There is one more insidious activity we all ought to keep in mind. With the massive availability of articles, blogs, books, eBooks, tweets, emails, and all manner of other content, it is almost impossible to know if what an author writes is his own, or if he has plagiarized from someone else. In my field of biblical studies, a very famous and prolific Seattle pastor has recently admitted to using pages and pages of stolen material from various authors to upgrade the level of his own writing. This kind of thing only allows the greedy and lazy to masquerade as knowledgeable and trustworthy.

So, what do we do? First of all, when you are looking for expertise on the Internet, ask yourself “what is the worst thing that can happen if this material is wrong?” If you can live with a bad salmon dish, then go for it!

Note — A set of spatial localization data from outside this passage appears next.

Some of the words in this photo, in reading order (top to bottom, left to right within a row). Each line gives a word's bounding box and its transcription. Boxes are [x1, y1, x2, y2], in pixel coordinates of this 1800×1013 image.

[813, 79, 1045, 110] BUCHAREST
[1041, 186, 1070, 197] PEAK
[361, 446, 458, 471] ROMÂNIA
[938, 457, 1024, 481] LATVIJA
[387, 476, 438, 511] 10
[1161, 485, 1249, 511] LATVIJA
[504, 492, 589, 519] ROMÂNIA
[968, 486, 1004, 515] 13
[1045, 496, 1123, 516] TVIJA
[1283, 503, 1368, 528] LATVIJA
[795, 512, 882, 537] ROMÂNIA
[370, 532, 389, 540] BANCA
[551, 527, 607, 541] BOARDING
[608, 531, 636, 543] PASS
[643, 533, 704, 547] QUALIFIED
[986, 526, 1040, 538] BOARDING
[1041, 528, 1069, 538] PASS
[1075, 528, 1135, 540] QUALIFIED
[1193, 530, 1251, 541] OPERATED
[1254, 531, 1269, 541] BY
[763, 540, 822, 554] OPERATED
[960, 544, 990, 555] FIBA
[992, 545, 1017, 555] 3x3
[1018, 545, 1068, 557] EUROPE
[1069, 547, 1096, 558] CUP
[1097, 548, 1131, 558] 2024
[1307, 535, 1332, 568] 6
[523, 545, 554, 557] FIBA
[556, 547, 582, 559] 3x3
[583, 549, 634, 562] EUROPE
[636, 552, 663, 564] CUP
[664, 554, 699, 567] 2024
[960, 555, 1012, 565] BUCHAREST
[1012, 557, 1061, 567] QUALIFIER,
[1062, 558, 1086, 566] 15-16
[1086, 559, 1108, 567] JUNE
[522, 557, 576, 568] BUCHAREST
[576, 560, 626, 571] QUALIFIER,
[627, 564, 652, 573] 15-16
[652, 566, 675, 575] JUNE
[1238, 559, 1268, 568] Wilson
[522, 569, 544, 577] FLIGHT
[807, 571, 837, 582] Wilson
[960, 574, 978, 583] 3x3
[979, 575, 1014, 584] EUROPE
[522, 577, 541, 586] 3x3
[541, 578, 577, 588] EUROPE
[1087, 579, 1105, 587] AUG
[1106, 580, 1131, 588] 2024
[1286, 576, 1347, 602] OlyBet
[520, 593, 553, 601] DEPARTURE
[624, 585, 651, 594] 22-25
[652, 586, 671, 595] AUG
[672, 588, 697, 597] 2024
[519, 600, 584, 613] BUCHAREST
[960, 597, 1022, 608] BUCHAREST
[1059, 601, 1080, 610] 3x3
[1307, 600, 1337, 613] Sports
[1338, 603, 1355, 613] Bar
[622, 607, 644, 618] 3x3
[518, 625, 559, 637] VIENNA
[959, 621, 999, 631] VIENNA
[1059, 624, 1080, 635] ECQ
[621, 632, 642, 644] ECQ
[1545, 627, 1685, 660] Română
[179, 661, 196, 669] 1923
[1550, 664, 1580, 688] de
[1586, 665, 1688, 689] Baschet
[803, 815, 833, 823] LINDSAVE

Second, where getting the right information really matters, don’t take shortcuts. Go to bonafide experts, whose level of study and practical expertise gives you some assurance that you’re getting useful information. Lastly, have a personal ethical system – a worldview – that allows you a grid through which to push everything to see if it aligns with basic concepts of right and wrong, true or false.

What you’re reading right now is opinion, and while I hope it stirs conversation, it does not rise to the level of information that offers proof from reputable, testable sources. Opinion should know its place and never be allowed to masquerade as expertise. In the ocean that is this information age, there are too many chances for us to drown under the waves of opinion and false assertion. Let’s get better at examining everything carefully, and be ready to hold fast to that which proves to be good.

David Hegg is a senior pastor of Grace Baptist Church and a Santa Clarita resident. “Ethically Speaking” runs Sundays in The Signal.